異変に気付いたのか、ゴブリンの王が後方から出てきて怒りの咆哮をあげた。
「まずは、足を止めるぞ!儂は防御に専念する、その間に殺れ!」
儂の指示で左右から剣士が脚の肉を切り落とし、その後に魔法で足下を悪くした。
うまく体重を支えられなくなり、仰向けに倒れる王。
「まだ気を抜くなよ!腕の一撃だけでも致命傷になるからな!」
彼らもベテランであるが、無言で頷き止めを刺すためにグアルティネッサを含め数人が王に寄る
その間、雑魚を寄せ付けないために儂と残りで雑魚狩りをする
王ほどになると生命力が異常に強いため、首を落とすか、動かなくなるまで攻撃をする。
首を落とした方が早いが、硬い筋肉と太い骨で中々切断出来ないことが多いため
普通は後者を選ぶ。
5分にも満たないだろうが、それでもその間攻撃をし続けてやっと王を殺した。
死ぬ寸前の特大の咆哮を上げてからゴブリンの王は力尽きた。
「このまま残りのゴブリンも討伐するぞ!」
「「「「おぉー!」」」」
いつの間にかギルバート殿も加わり殲滅スピード加速し、みるみる内に雑魚狩りを終えた。
「……ふぅ。
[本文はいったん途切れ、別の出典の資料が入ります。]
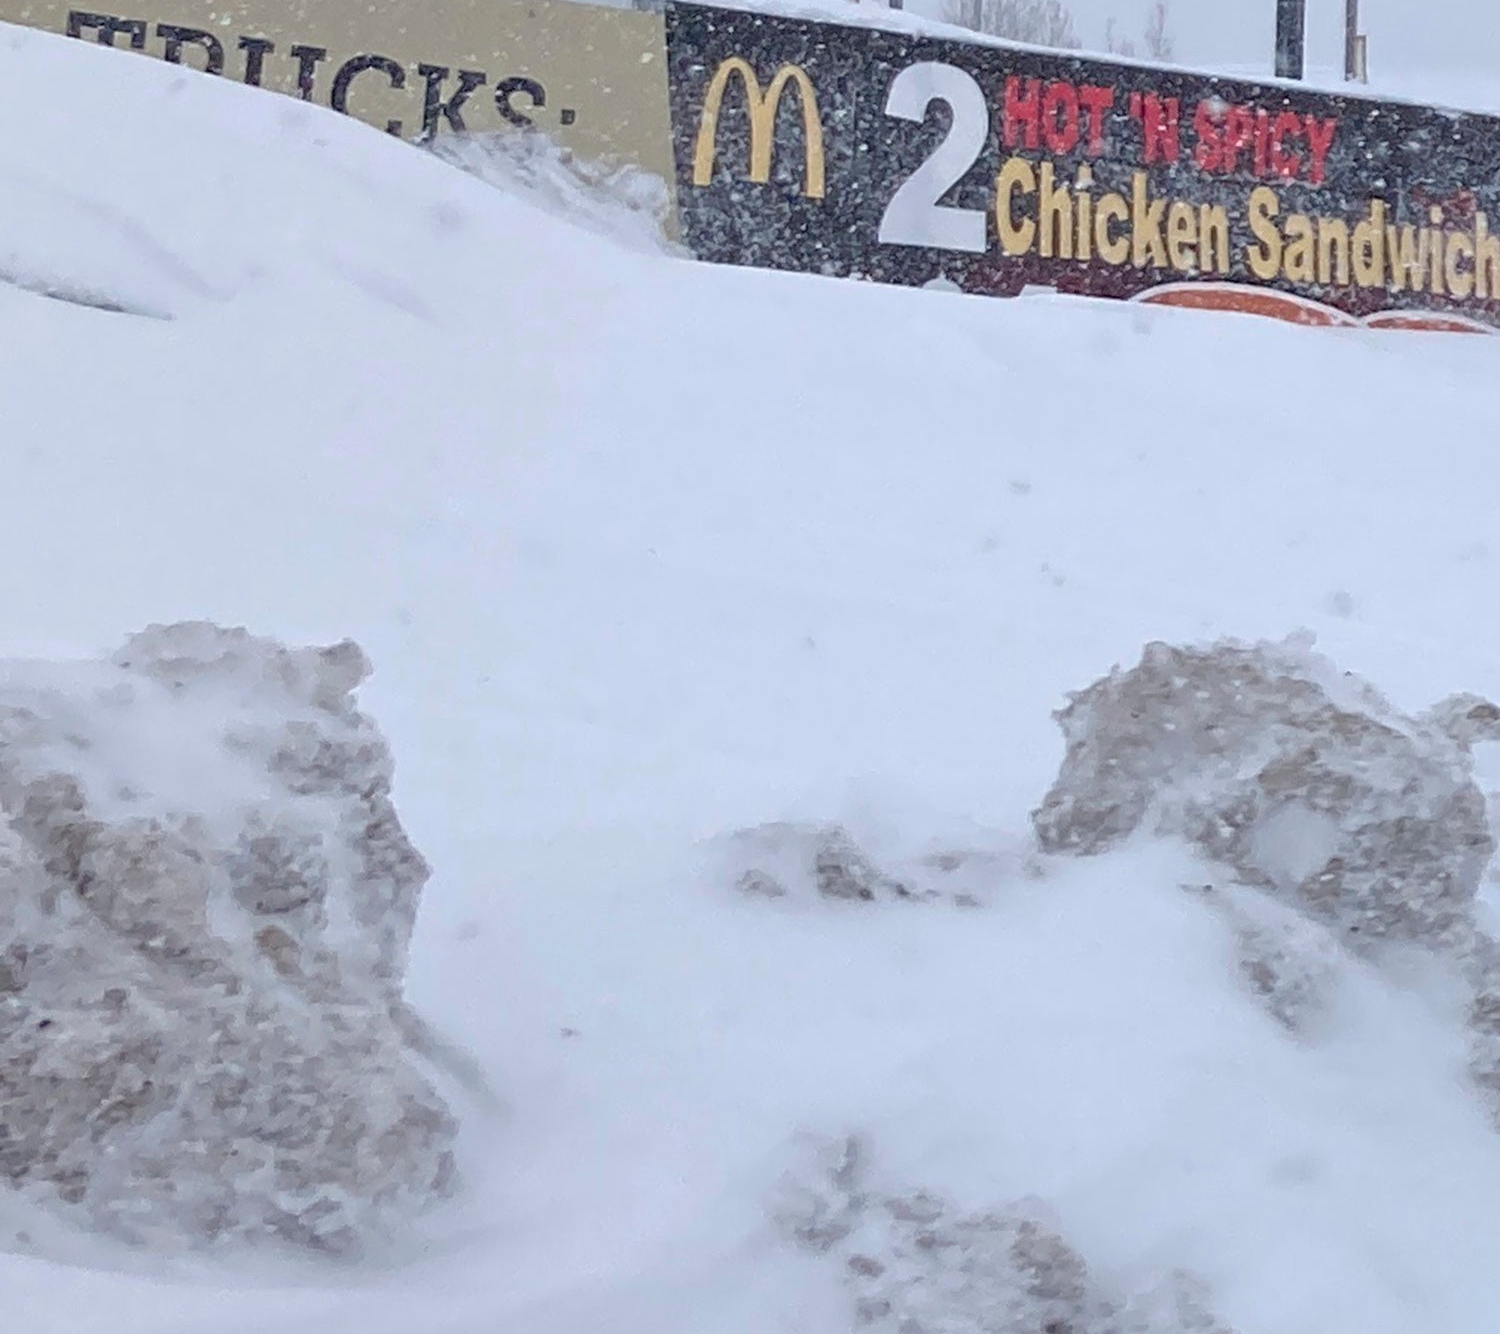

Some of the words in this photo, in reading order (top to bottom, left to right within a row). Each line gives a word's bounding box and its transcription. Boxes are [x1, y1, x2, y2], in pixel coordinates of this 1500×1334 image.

[878, 61, 989, 253] 2
[1001, 75, 1115, 156] HOT
[1193, 98, 1336, 185] SPICY
[996, 155, 1230, 274] Chicken
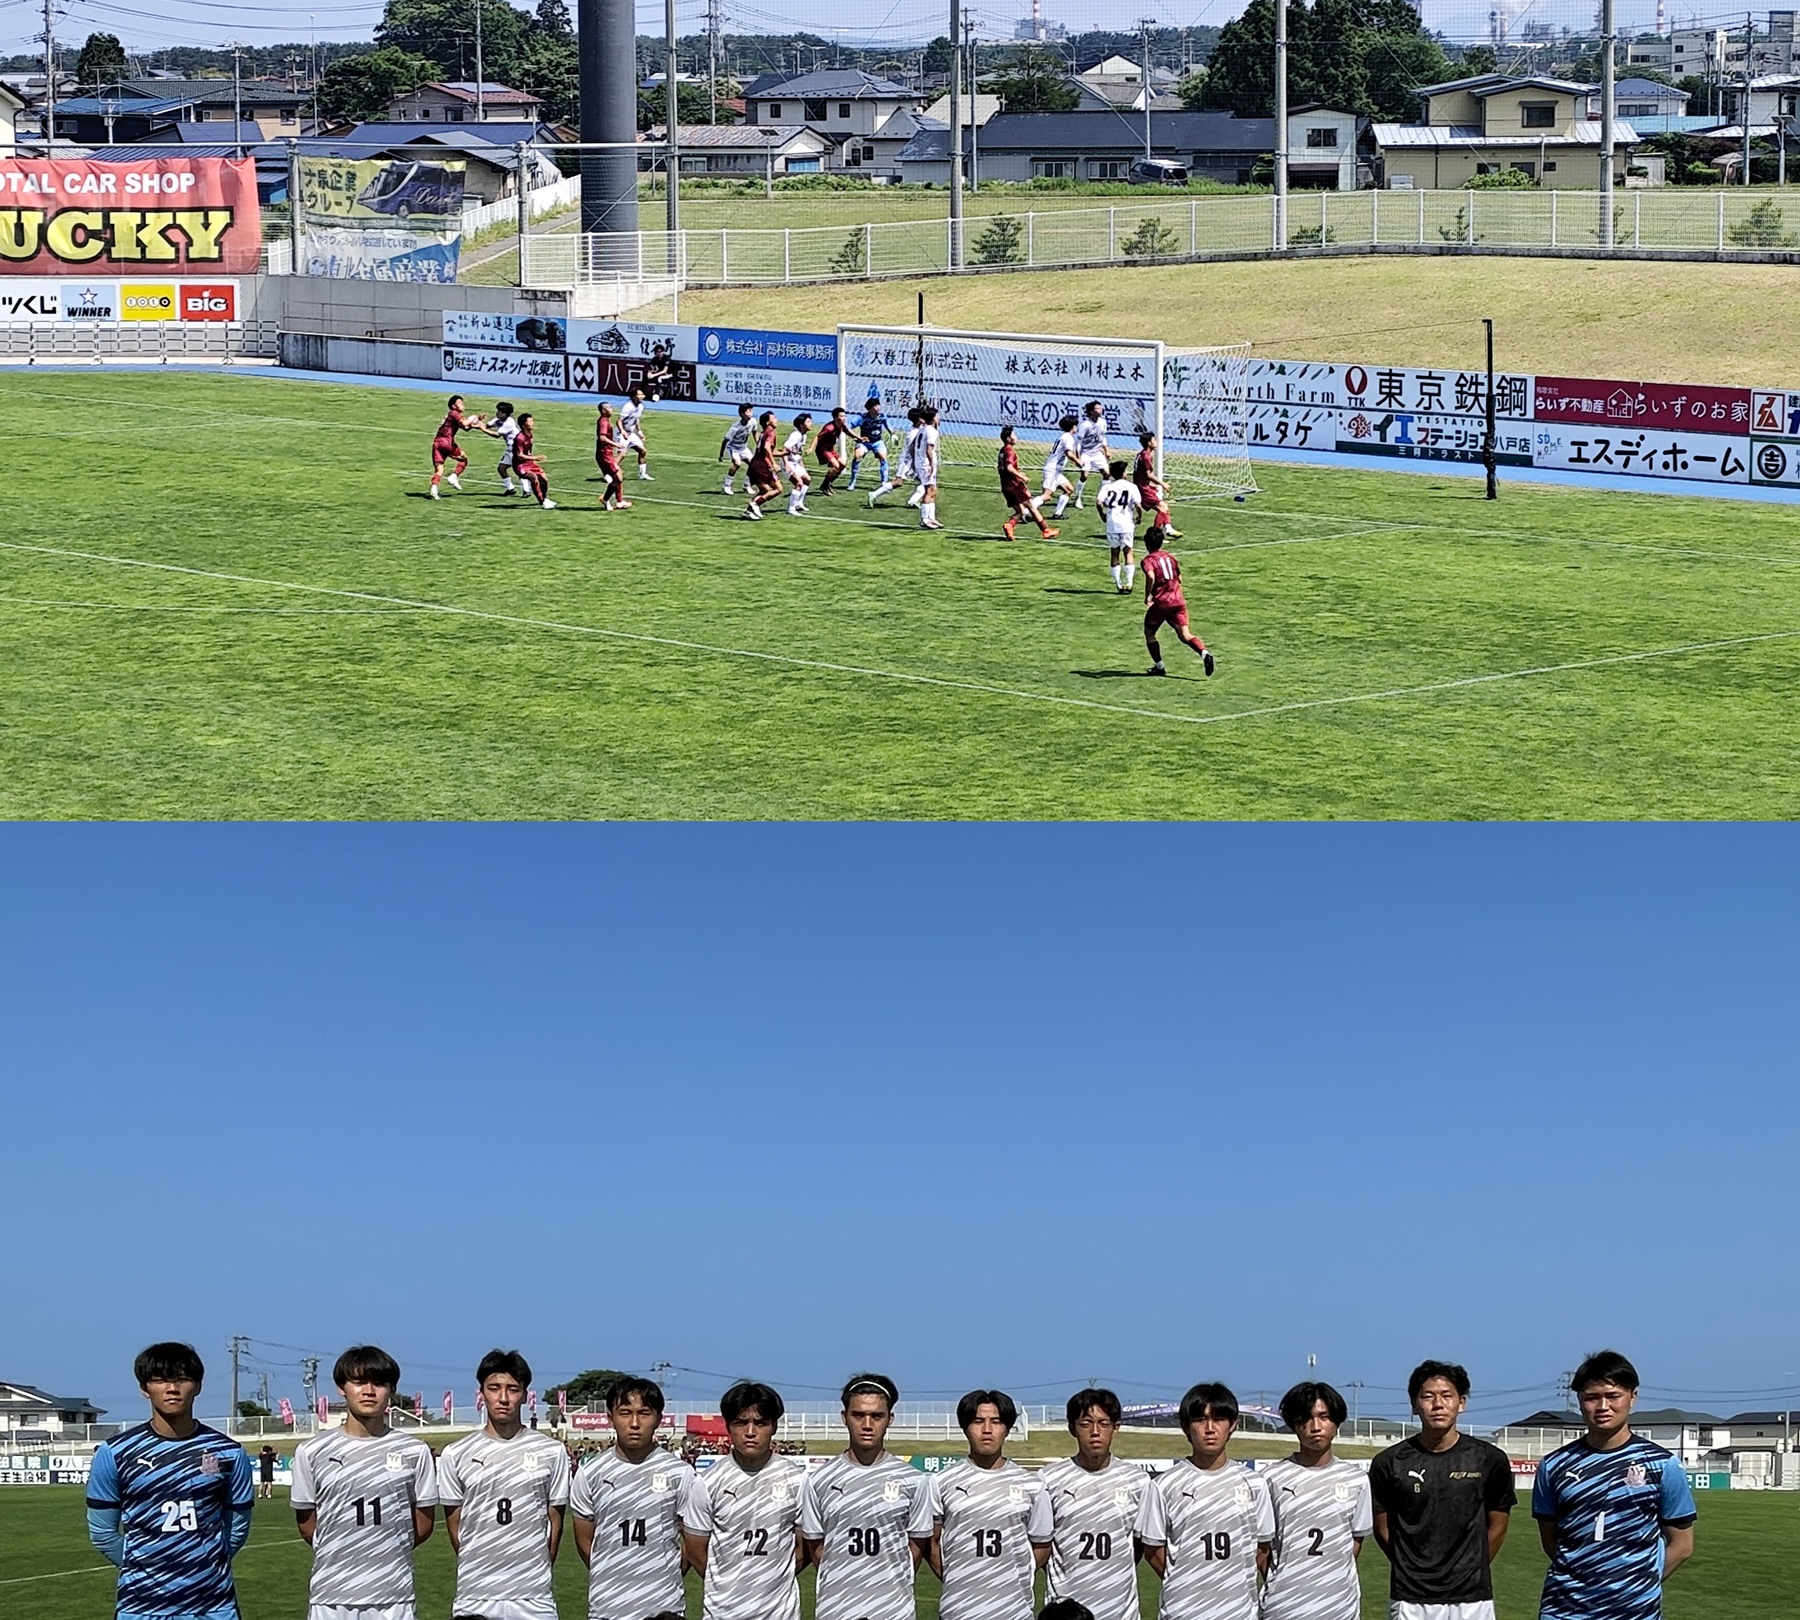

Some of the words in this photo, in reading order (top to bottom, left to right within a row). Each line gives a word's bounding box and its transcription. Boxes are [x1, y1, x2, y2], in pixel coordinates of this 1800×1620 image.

[63, 172, 118, 194] CAR
[124, 173, 197, 194] SHOP
[67, 306, 112, 318] WINNER
[1004, 356, 1069, 375] 株式会社
[1286, 382, 1335, 404] Farm
[1347, 397, 1366, 407] TTK
[1375, 370, 1528, 418] 東京鉄鋼
[1535, 396, 1606, 414] らいず不動産
[1634, 395, 1749, 423] らいずのお家
[1568, 433, 1745, 478] エスディホーム
[1108, 489, 1130, 510] 24
[1160, 556, 1174, 581] 11
[161, 1499, 197, 1533] 25
[351, 1497, 382, 1527] 11
[496, 1497, 512, 1526] 8
[619, 1519, 647, 1548] 14
[1594, 1511, 1606, 1542] 1
[743, 1528, 769, 1557] 22
[847, 1526, 881, 1558] 30
[972, 1529, 1002, 1558] 13
[1079, 1532, 1111, 1560] 20
[1199, 1532, 1231, 1561] 19
[1307, 1527, 1325, 1557] 2
これでどうにかなったな。
ギルバート殿も地竜の相手ご苦労様でした。どうなりましたかな?」
「1匹を殺して、2匹は逃げました。」
「逃がしたんですか?」
「えぇ。実力差の理解る地竜だったので、もう戻っては来ないでしょう。
態々追い掛けて殺すのも面倒ですしね。」
「そうですか。ギルバート殿が言うならもう来ないのでしょう。
よし、剥ぎ取れる素材を剥ぎ取ったら、即刻この場を離れるぞ!血の匂いに誘われて襲われたら余計に疲れるからな」
「使える素材が有れば後で僕が買い取りますよ。」
其々が頷きながら作業に移っていき、迅速に安全な場所まで移動し夜を過ごした。
地竜は単体でB~Aランクです。
ゴブリンキングは単体C以上B以下ですが、部下が大量に居るのが殆どなので集団としたらAランクです。